Archived ForeFlight information indicate the accident pilot requested a weather briefing for the planned flight at 1246. The briefing included current Metars, Pireps, Airmets, a center weather advisory, a surface analysis chart, a graphical forecast for aviation, terminal aerodrome forecasts, turbulence cross-section information and winds aloft. According to ForeFlight, the pilot accessed convective weather imagery at 0728 and 0758.

Precipitation in the accident region was very light, with light accumulating freezing drizzle reported at the surface. A center weather advisory and Airmets for the accident site, and surrounding area, advertised freezing rain, freezing drizzle and light snow, along with moderate or greater icing conditions.

A Lubbock police officer observed the accident and reported the weather was cloudy and icy with mist. The airplane impacted a residential area about 200 yards from the final recorded ADS-B point. A post-crash fire consumed most of the fuselage and inboard sections of each wing. Despite the fire, FAA inspectors found numerous chunks of ice ranging from one to two inches thick in the wreckage near the wings, and ice still attached to some of the airplane’s leading-edge surfaces.

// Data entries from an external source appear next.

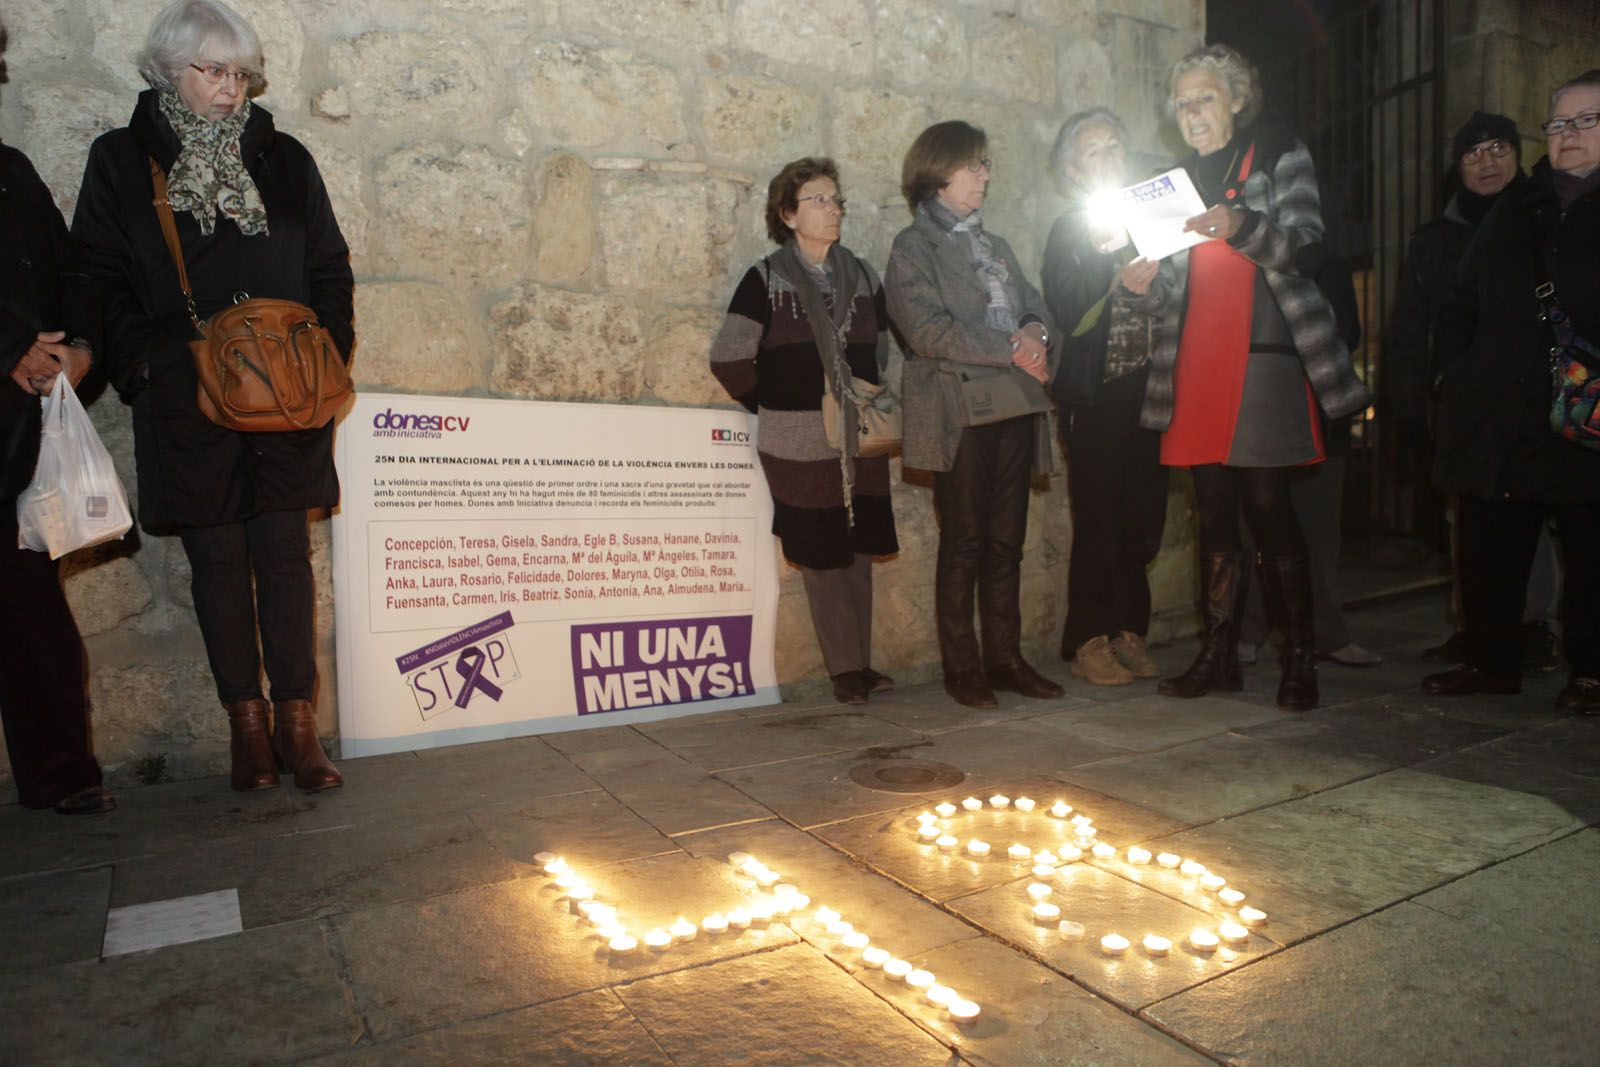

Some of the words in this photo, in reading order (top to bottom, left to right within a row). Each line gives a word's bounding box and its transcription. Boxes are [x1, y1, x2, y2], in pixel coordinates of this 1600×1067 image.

[733, 431, 750, 442] ICV
[374, 455, 395, 464] 25N
[398, 456, 416, 464] DIA
[419, 456, 499, 466] INTERNACIONAL
[502, 458, 520, 466] PER
[532, 458, 596, 467] L'ELIMINACIÓ
[612, 460, 624, 468] LA
[626, 459, 672, 468] VIOLÈNCIA
[674, 461, 708, 469] ENVERS
[710, 462, 726, 470] LES
[728, 462, 754, 470] DONES
[374, 478, 386, 486] La
[430, 479, 470, 487] masclista
[536, 480, 546, 488] de
[548, 480, 574, 489] primer
[576, 480, 598, 488] ordre
[666, 482, 696, 490] gravetat
[712, 482, 722, 490] cal
[724, 482, 751, 490] abordar
[374, 489, 394, 497] amb
[460, 489, 490, 499] Aquest
[492, 491, 508, 499] any
[532, 490, 556, 500] hagut
[576, 490, 586, 498] de
[588, 490, 598, 498] 80
[600, 490, 642, 498] feminicidis
[648, 491, 668, 499] altres
[670, 491, 713, 499] assassinats
[714, 491, 723, 499] de
[418, 501, 432, 510] per
[468, 500, 494, 508] Dones
[496, 500, 514, 508] amb
[516, 500, 554, 508] Iniciativa
[555, 500, 592, 508] denuncia
[598, 500, 628, 508] recorda
[630, 500, 641, 508] els
[642, 500, 684, 508] feminicidis
[385, 536, 456, 552] Concepción,
[460, 536, 499, 550] Teresa,
[502, 534, 538, 549] Gisela,
[541, 534, 580, 548] Sandra,
[584, 533, 606, 549] Egle
[609, 534, 620, 547] B,
[622, 532, 661, 547] Susana,
[664, 532, 702, 546] Hanane,
[704, 532, 741, 546] Davinia,
[385, 556, 444, 571] Francisca,
[448, 555, 484, 569] Isabel,
[486, 553, 520, 568] Gema,
[522, 552, 569, 567] Encarna,
[588, 551, 603, 564] del
[702, 548, 738, 562] Tamara,
[386, 576, 419, 590] Anka,
[422, 575, 457, 590] Laura,
[460, 573, 504, 588] Rosario,
[508, 570, 564, 586] Felicidade,
[567, 568, 609, 583] Dolores,
[612, 568, 650, 583] Maryna,
[654, 566, 679, 581] Olga,
[681, 566, 708, 580] Otilia,
[710, 564, 736, 578] Rosa,
[386, 595, 449, 610] Fuensanta,
[452, 592, 497, 607] Carmen,
[500, 590, 519, 604] Iris,
[522, 588, 561, 602] Beatriz,
[564, 586, 596, 601] Sonia,
[599, 584, 640, 599] Antonia,
[644, 584, 665, 598] Ana,
[668, 582, 717, 596] Almudena,
[580, 630, 624, 669] NI
[638, 624, 726, 664] UNA
[583, 661, 746, 713] MENYS!

Examination of the airplane revealed the cabin air heat exchanger contained cracks in the metal barrier that separated the engine exhaust gas from cabin air. The branching cracks exhibited fracture faces with corrosion and deposits on the surface consistent with the cracks being present well before the accident.

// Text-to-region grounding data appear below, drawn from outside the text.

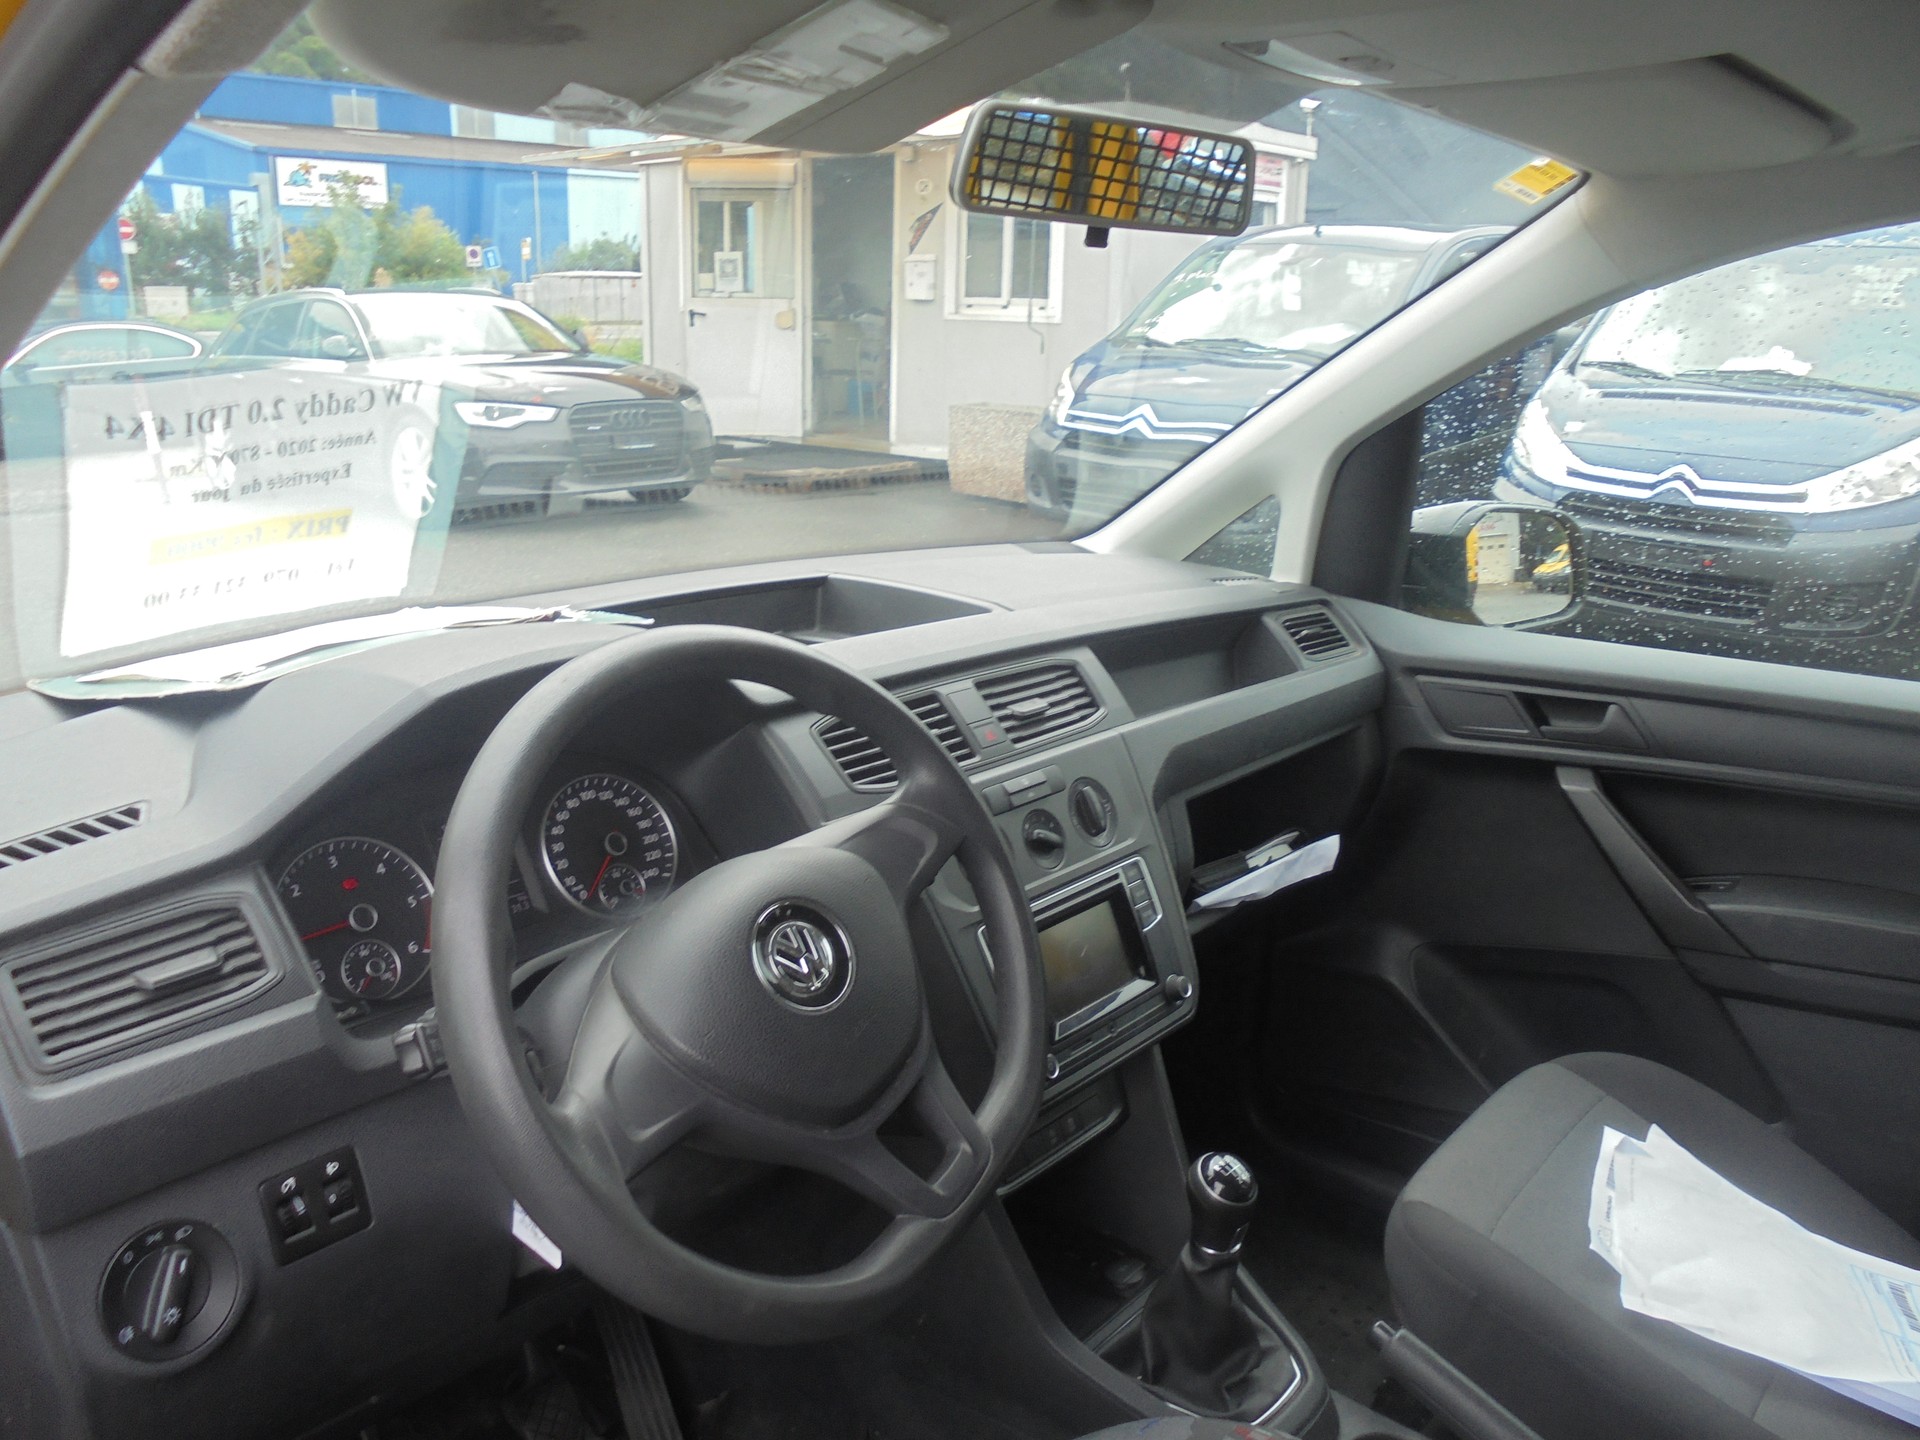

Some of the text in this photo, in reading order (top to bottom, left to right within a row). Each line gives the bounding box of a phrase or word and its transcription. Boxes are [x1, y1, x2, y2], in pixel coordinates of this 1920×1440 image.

[327, 854, 339, 869] 3
[376, 862, 387, 875] 4
[289, 884, 302, 898] 2
[407, 895, 418, 909] 5
[407, 940, 419, 954] 6

Toxicology testing detected a carboxyhemoglobin level of 13 percent. According to the NTSB, similar carbon monoxide (CO) levels may cause headaches, nausea and mild confusion.


The NTSB determined the probable cause(s) of this accident to include: “The pilot’s improper decision to fly into icing conditions with an airplane that was not equipped for icing, which led to structural icing and a subsequent loss of airplane control, and the pilot’s impairment from carbon monoxide poisoning due to a cracked heat exchanger. Contributing to the accident was the pilot’s self-induced pressure to complete the flight due to the incoming adverse weather conditions and the inadequate inspection of the cabin air heat exchanger.”

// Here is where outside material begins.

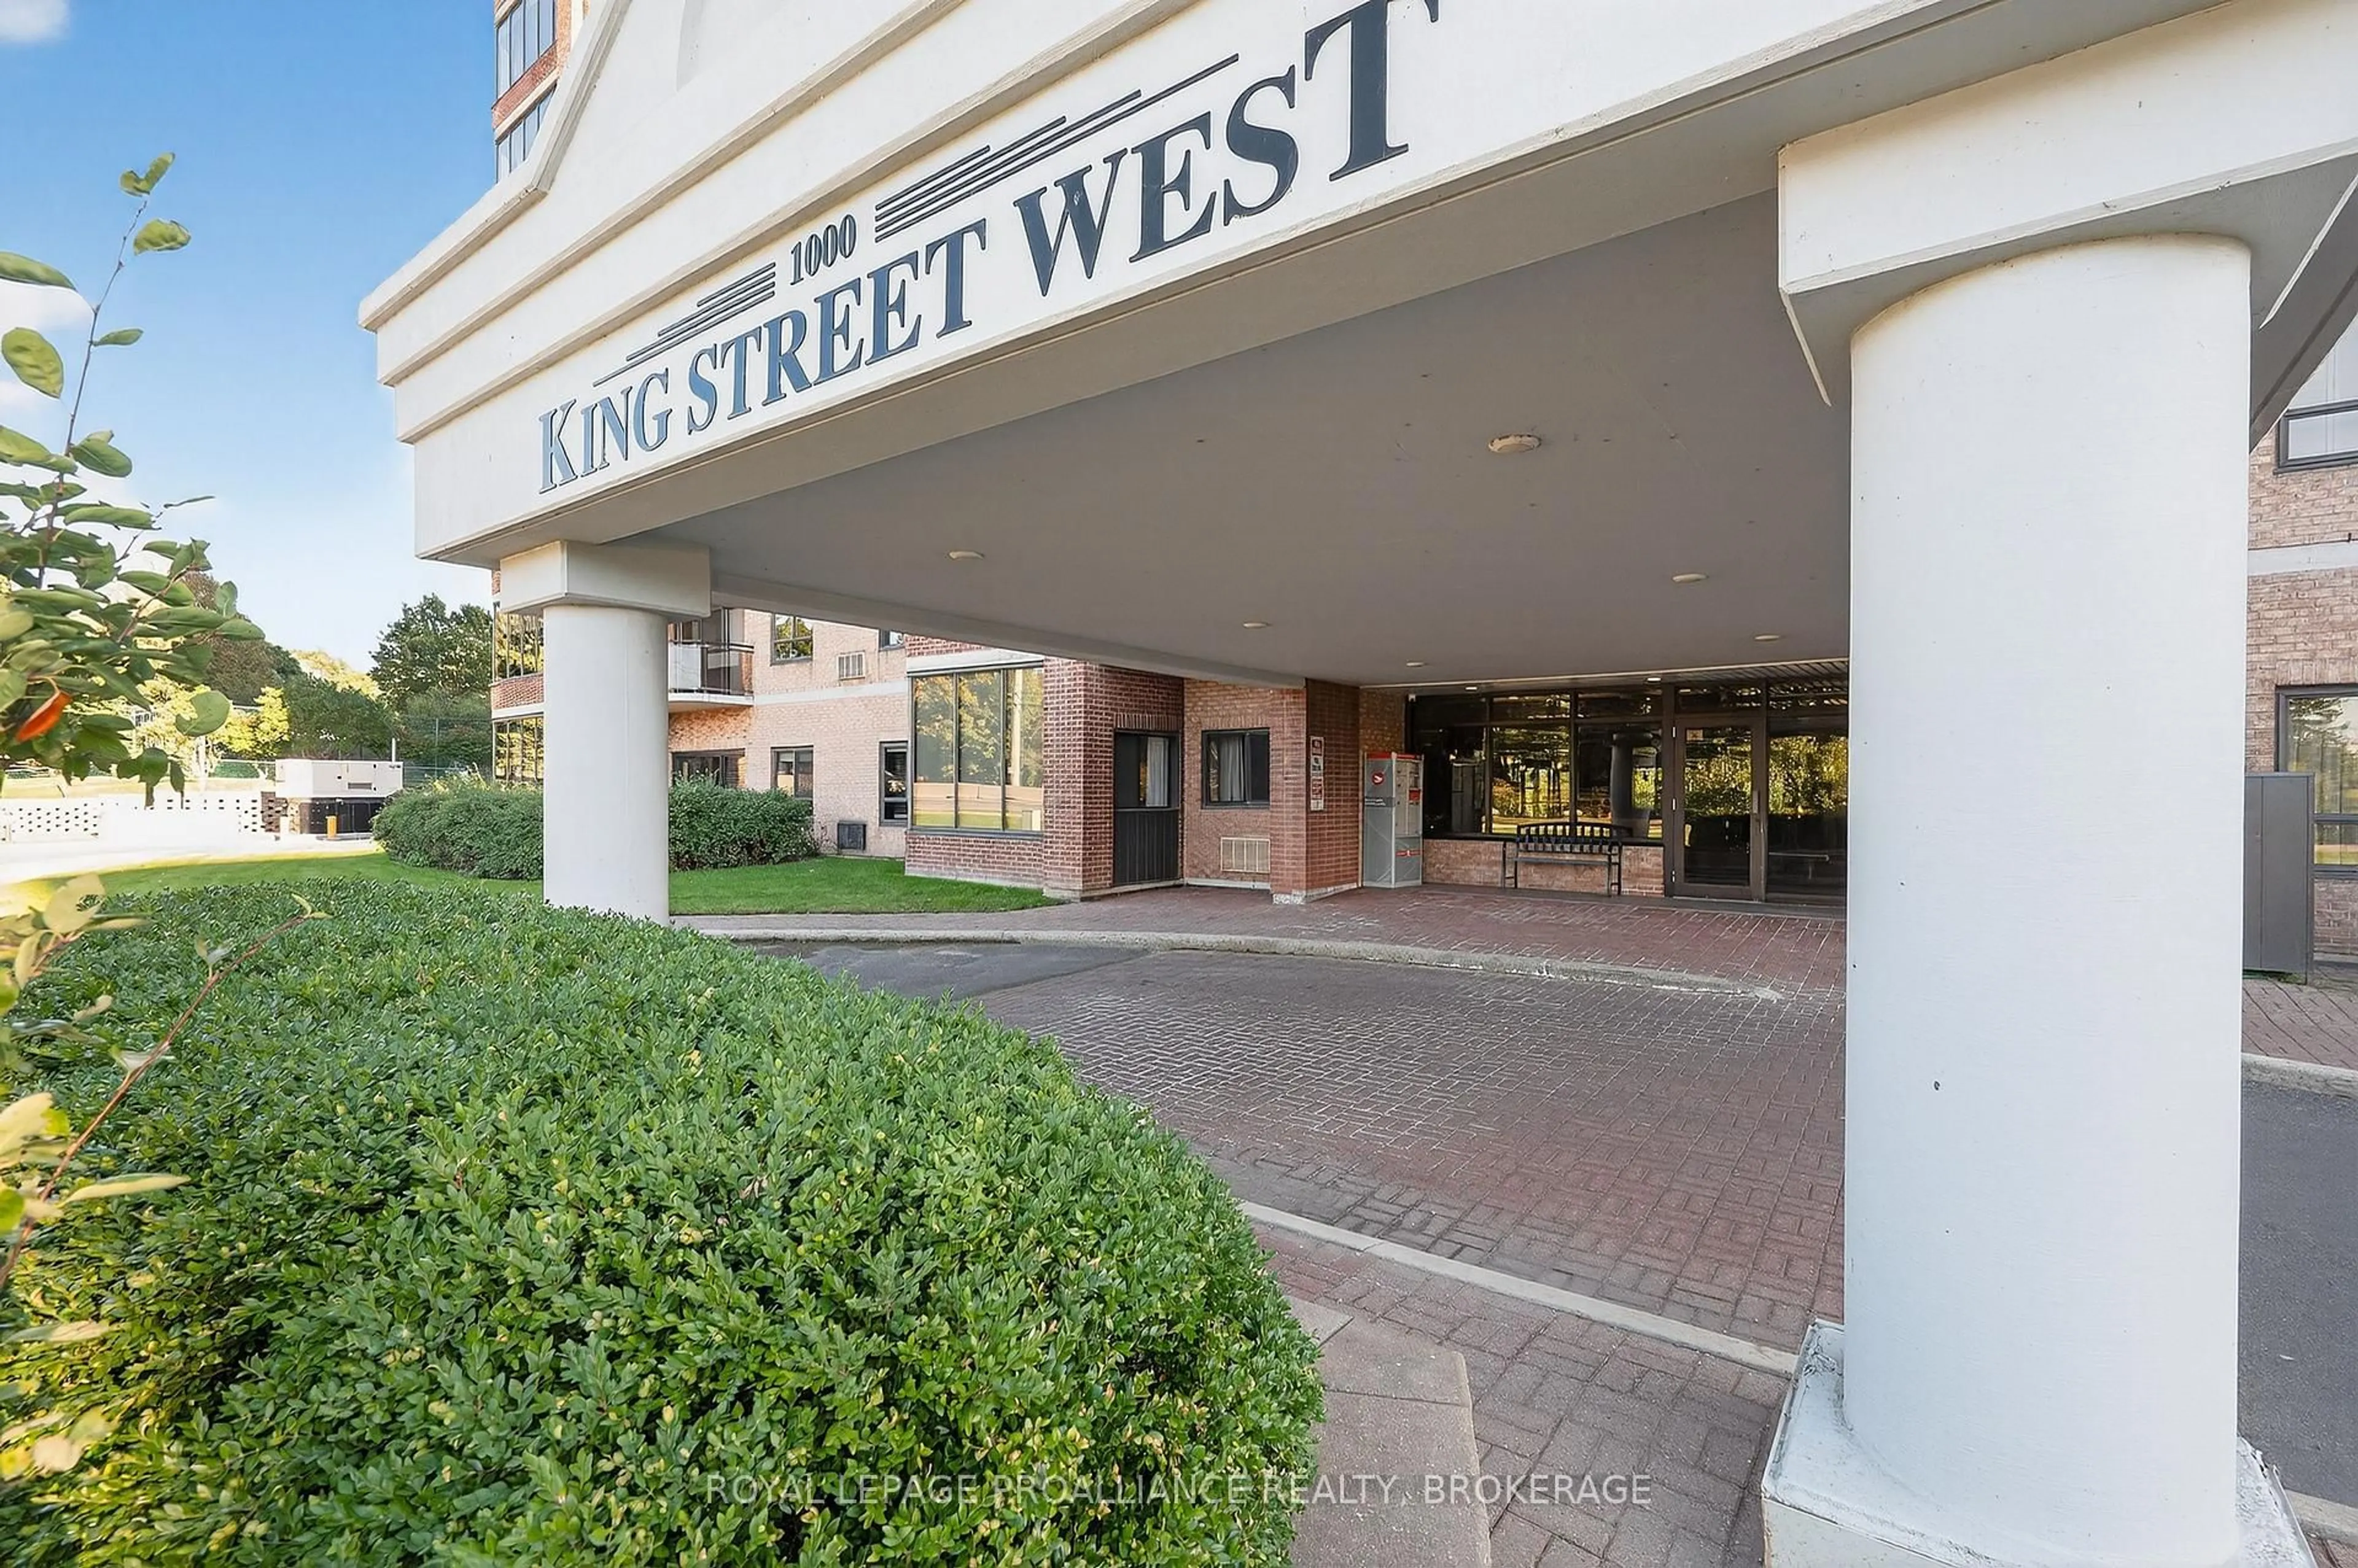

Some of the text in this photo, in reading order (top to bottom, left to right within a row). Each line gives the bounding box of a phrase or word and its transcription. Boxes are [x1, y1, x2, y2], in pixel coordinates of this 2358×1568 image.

[539, 0, 1439, 494] KING STREET WEST
[790, 213, 858, 286] 1000

According to the NTSB, “While the pilot reported an autopilot issue, it is likely that the airplane had accumulated enough structural ice that the autopilot had difficulty functioning properly. Based on the evidence, the accident is consistent with the pilot not able to maintain control of the airplane.”

Airframe ice brought down the airplane, but CO poisoning from a cracked heat exchanger created the confusion and discomfort the pilot experienced, impairing his decision-making.